Whatever the problem, some bright spark will say ‘You better go to A&E’. You don’t mind if it’s Auntie Nellie’s next-door neighbour, but it doesn’t half get wearisome when it’s a fellow professional who should simply know better.

I keep reading about the value of having a bit of fun in the workplace. I take the cheapo Stagg guitar that’s been in a cupboard for years and leave it in the corner of our office. Prof is a guitar player and Bruce and Thomo can each play three chords.

Boy's office

Yesterday, I take over coordinating from The Prof at about 4.30. There’s a patient who has been discharged from another city teaching hospital earlier in the day, with a long-standing complex problem. They haves chosen to come to our hospital because they are unhappy at being discharged. A consultant colleague sees them at a specialist clinic then invites them to attend ‘A&E’ but they don’t get round to discussing the patient with us.

Two hours and several phone calls later, it falls to me to see the patient and inform them that there is nothing that we are able to do for them as an Emergency Department.

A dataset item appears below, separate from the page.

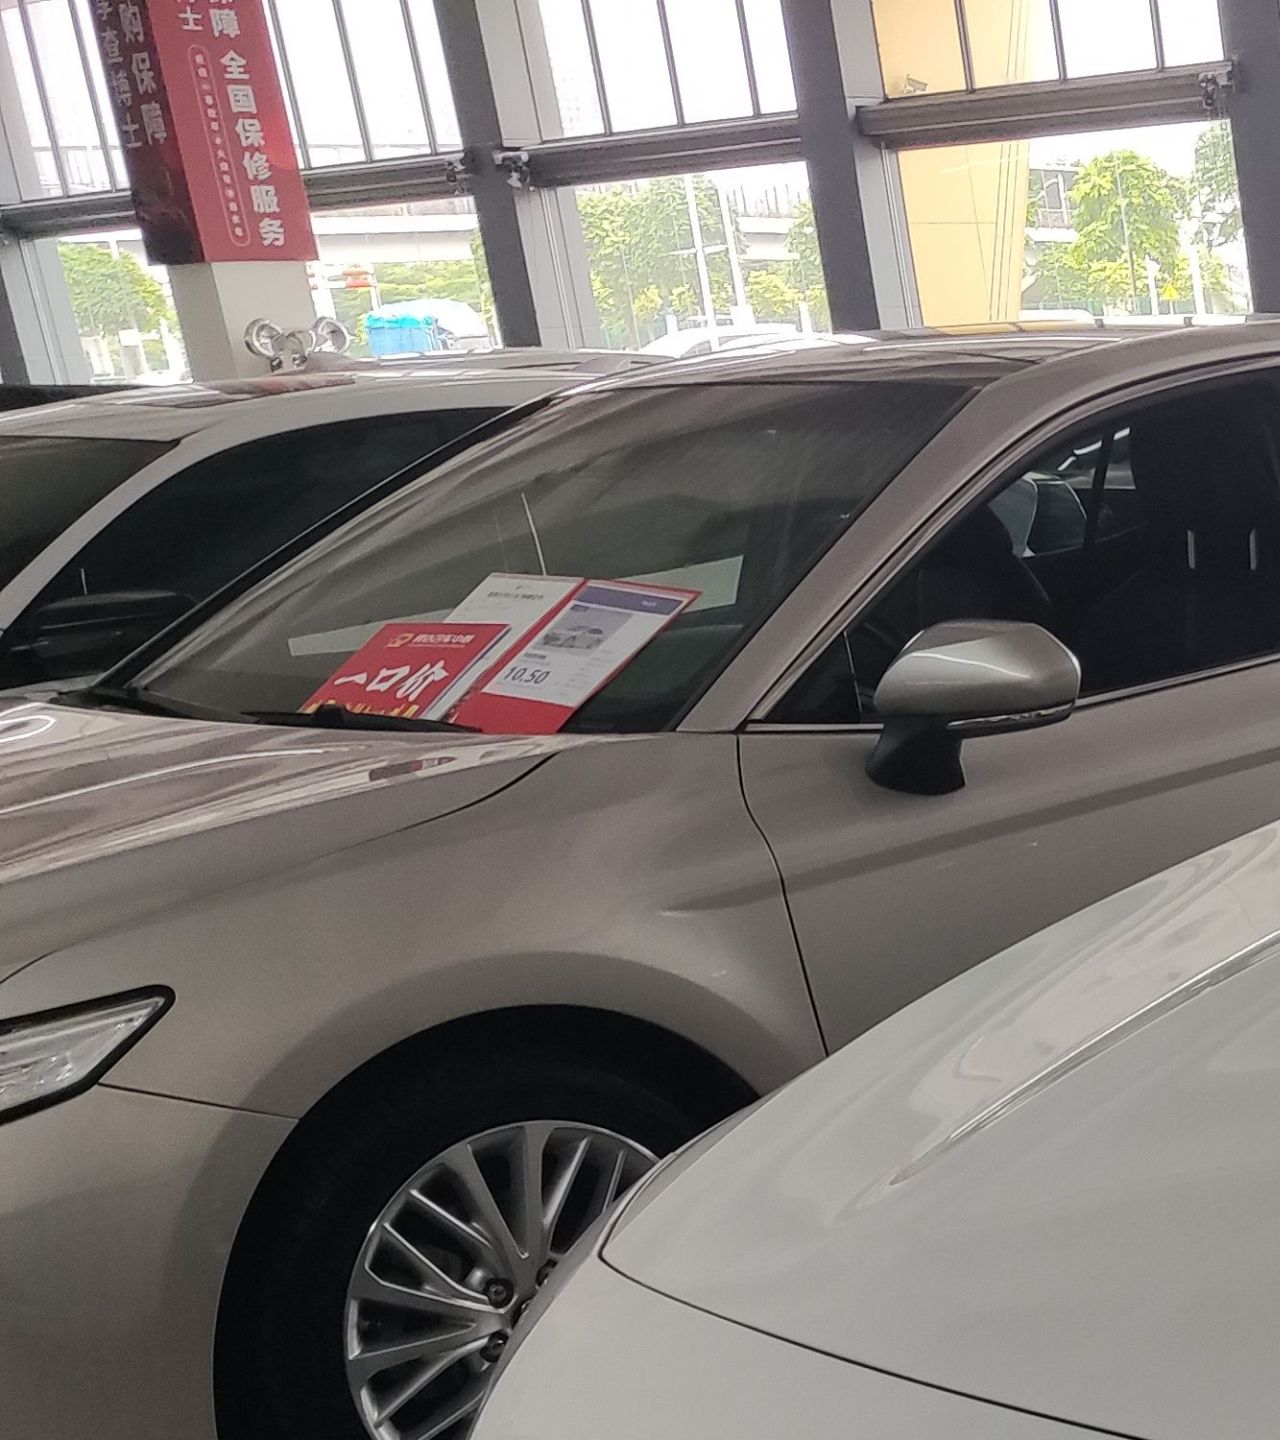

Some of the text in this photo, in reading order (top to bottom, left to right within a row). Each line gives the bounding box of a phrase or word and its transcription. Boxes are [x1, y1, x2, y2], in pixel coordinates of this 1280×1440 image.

[334, 660, 449, 701] 一口价
[504, 666, 551, 684] 10.50
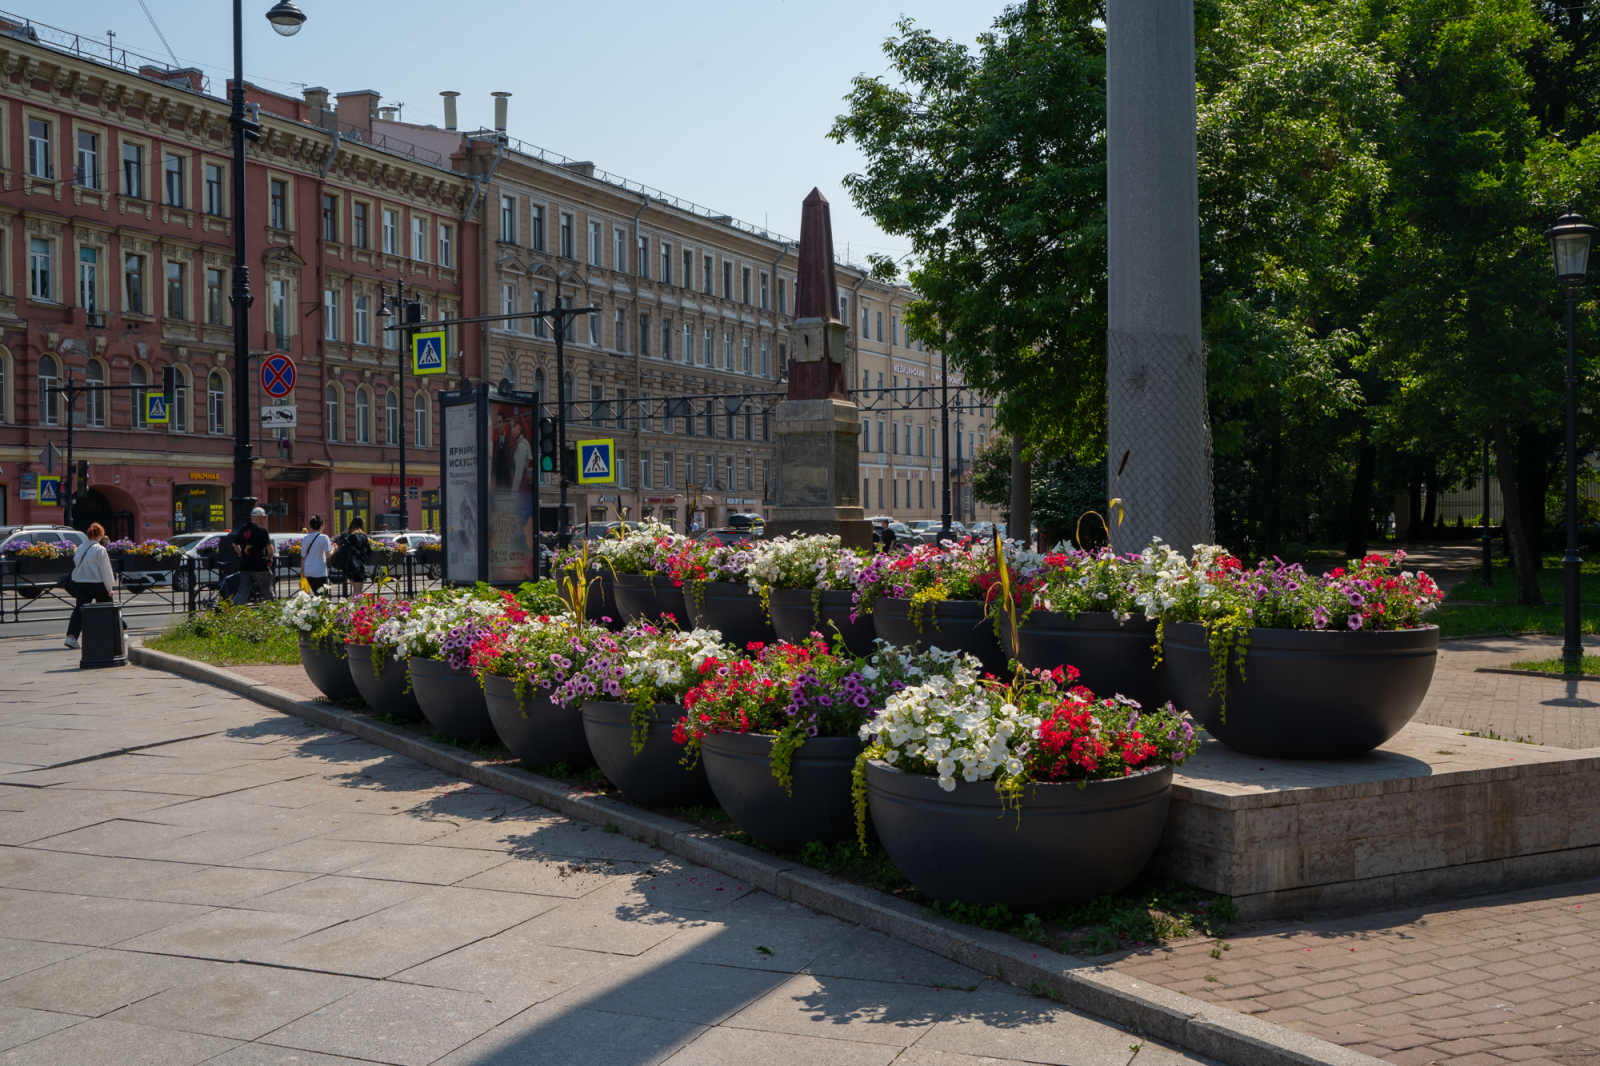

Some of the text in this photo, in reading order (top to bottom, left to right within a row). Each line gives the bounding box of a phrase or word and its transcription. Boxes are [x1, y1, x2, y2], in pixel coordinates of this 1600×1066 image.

I endure a torrent of abuse and the whole process is miserably unsatisfactory for all involved. Meanwhile the department has become extremely busy – ambulances are queuing and the juggling act continues. Managers are enquiring why there’s a four hour wait – I’m getting tetchy. Despite all this, a fantastic bunch of committed hard-working people do their best. I could not wish for a better bunch of colleagues – as the rest of life becomes more and more reclusive, my workmates become my friends. Neat.

There’s an announcement on the news about forthcoming changes in Emergency Medicine. Statements from several presidents of Royal Medical Colleges are forthcoming with the notable exception of The Royal College of Emergency Medicine – more political spin. Has anyone mentioned that the same buffoons fucking about with Brexit have been meeting up with the large American healthcare/insurance companies – they’re selling off our NHS under our noses.

We had a shooting the other week and within minutes resusc was swamped with armed police officers. While Davers sorted the patient, (not seriously injured) I felt that it was my duty to ‘risk assess’ the prospect of swarms of Gangstas arriving for a shoot out (It occurs to me that the police would be better placed guarding the entrance to ED rather than standing in the middle of resusc – I briefly imagine what machine gun fire in resusc would be like.) As part of my assessment, I sit in as a CID officer interviews two witnesses. Strangely, neither of them saw anything when the bullets were flying.

I should be proud and maybe I am just a little bit – a scrote like me becoming an Emergency Medicine consultant in what will soon be Europe’s largest Trauma Centre. How did that happen? To complete the cycle (of the book and playing gigs), I had an overwhelming urge to play a gig in the city where I work. I chose the Eagle Inn. The demure and elegant nurse practitioner Ann Carlin was my ticket agent. As usual it was the two Hartley bands and Tricia did some poetry. It was a blast – loads of people came from work including my anaesthetist friend Ollie – he’s in the book. It just so happened that Louise and our three offspring were there and my cousin Sarah and her husband came all the way from Ainsdale. It was a sweet and apt ending to our tour.

I was actually having a twat-tantrum when I stomped through the park and the rain – the usual snivelling self-indulgent crap ‘How come I’m the only one who ever sorts anything out?’ etc etc. Before leaving, I put on John Lee Hooker’s magnificent I’m Leaving and stared out of the window dramatically. Louise gave me that withering Rowan Atkinson style Stop being a cunt look and said nothing. She’s heard it all before. After a bit of dithering on the ranch I went to the chippy and got fish, chips, peas and gravy. I promptly fell asleep in the den-like comfort of the rear shedlet and I woke up cured.

I was right about the cats – Ginger is far too fat to be starving. It turns out that our neighbour is feeding them too. It’s St Patrick’s day. Viva Ireland and the Irish.